[[ Entries provided, beginning ]]
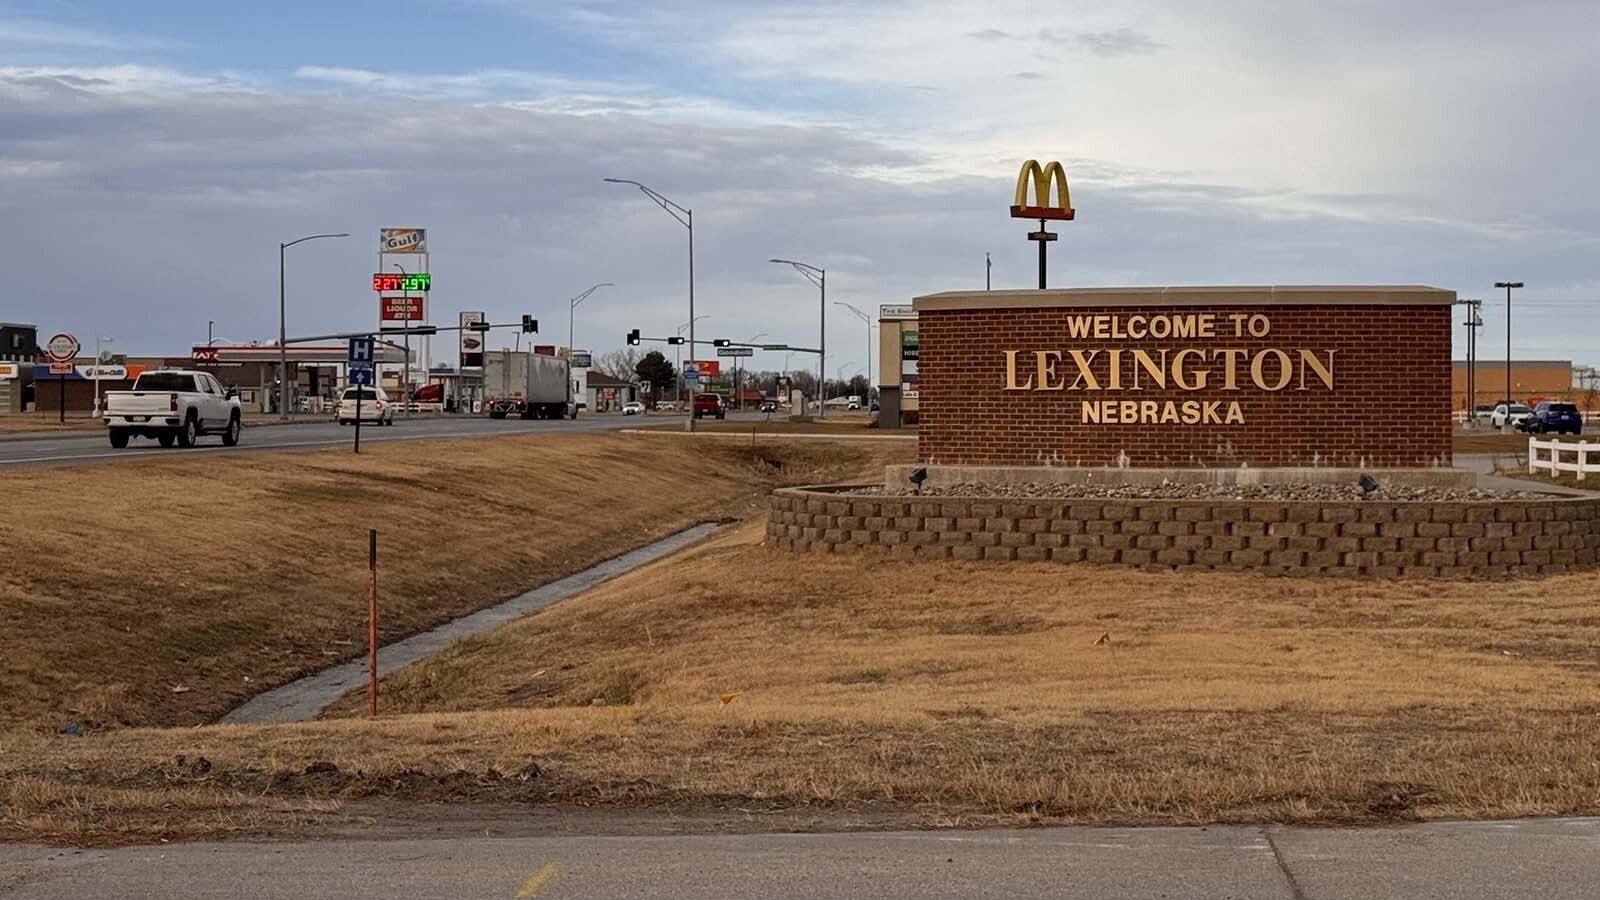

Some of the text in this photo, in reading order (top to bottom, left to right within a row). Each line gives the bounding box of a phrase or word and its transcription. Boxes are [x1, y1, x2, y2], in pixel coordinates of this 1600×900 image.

[387, 233, 418, 248] Gulf
[1067, 314, 1271, 339] WELCOME TO
[353, 340, 369, 360] H
[1002, 348, 1339, 391] LEXINGTON
[1081, 400, 1246, 424] NEBRASKA
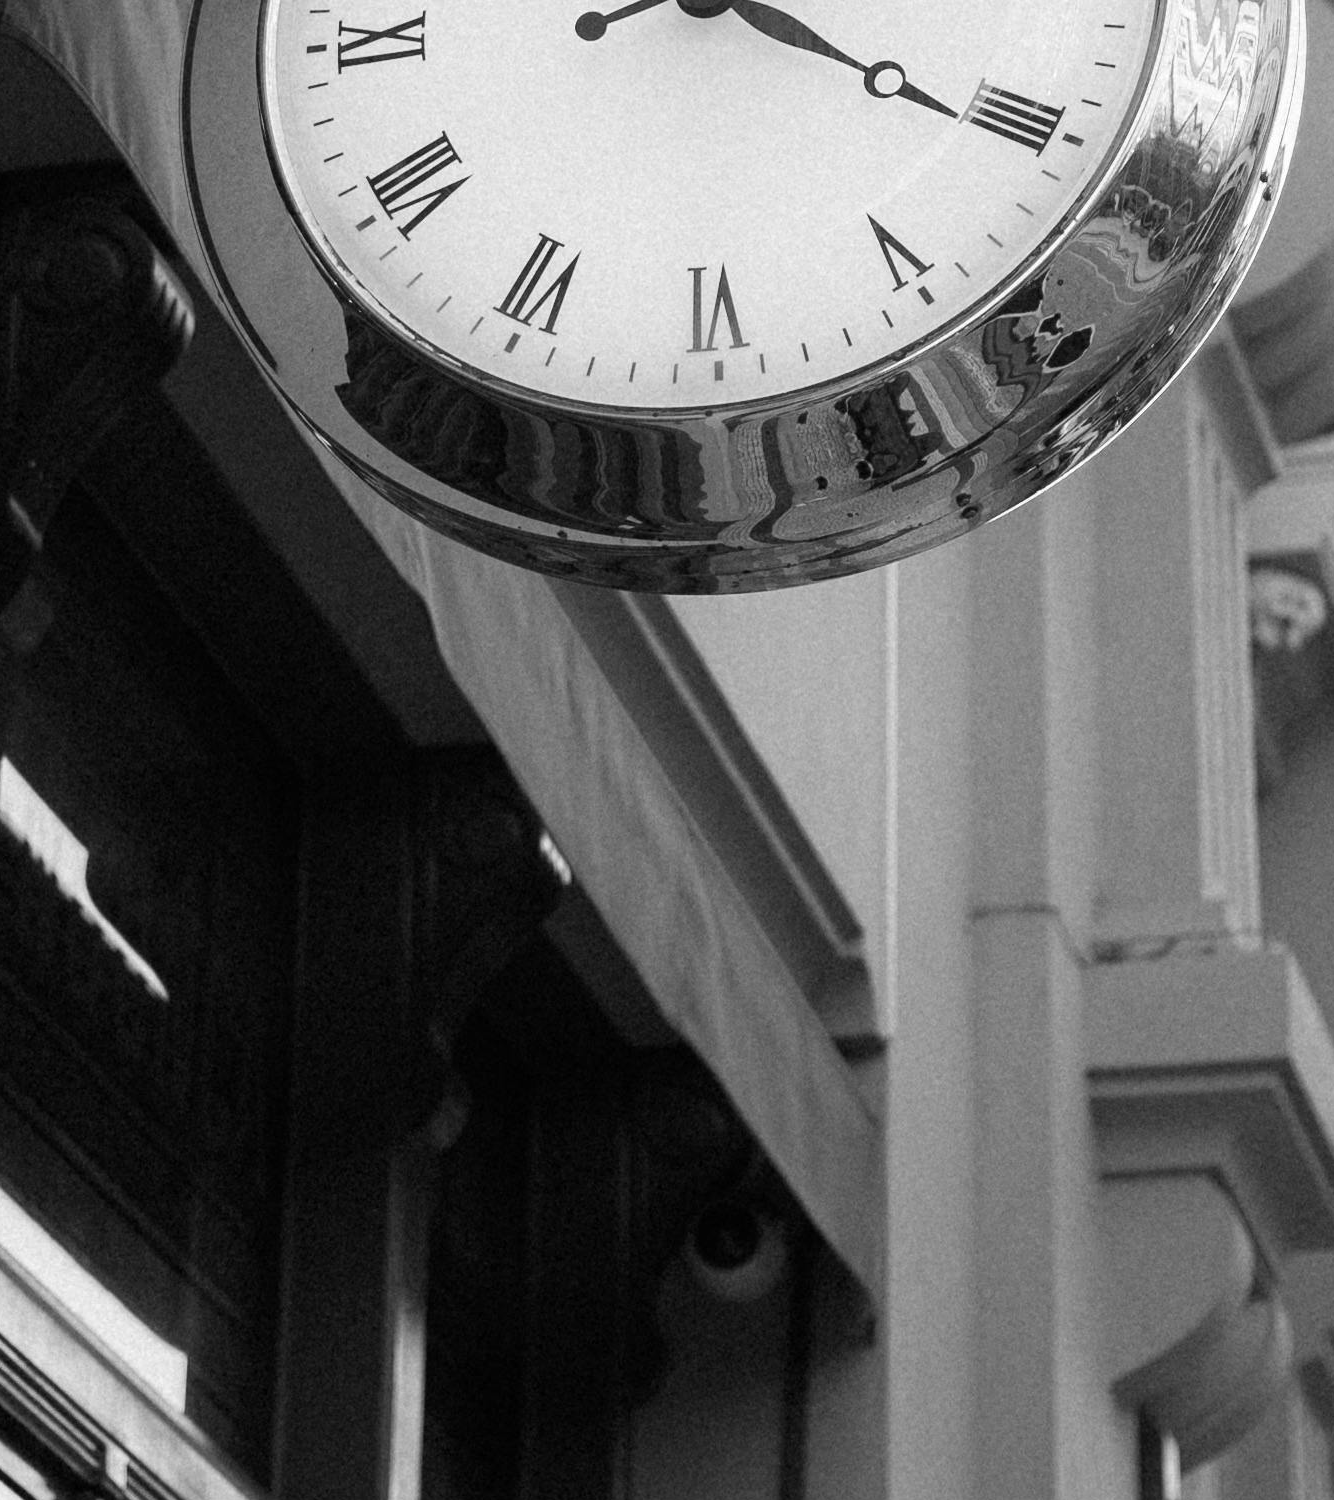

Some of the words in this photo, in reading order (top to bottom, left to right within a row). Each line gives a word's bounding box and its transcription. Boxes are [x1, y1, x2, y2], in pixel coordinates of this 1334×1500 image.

[336, 9, 427, 75] IX
[957, 76, 1067, 158] IIII
[365, 129, 474, 243] VIII
[492, 231, 584, 336] VII
[866, 213, 935, 293] V
[686, 262, 751, 354] VI
[[ Entries provided, end ]]
→ **Exercise prompt**
Exactly the lines from the one containing "Some of the words" through the end of the records above are to be printed, and no others.

→ **Answer space**
Some of the words in this photo, in reading order (top to bottom, left to right within a row). Each line gives a word's bounding box and its transcription. Boxes are [x1, y1, x2, y2], in pixel coordinates of this 1334×1500 image.

[336, 9, 427, 75] IX
[957, 76, 1067, 158] IIII
[365, 129, 474, 243] VIII
[492, 231, 584, 336] VII
[866, 213, 935, 293] V
[686, 262, 751, 354] VI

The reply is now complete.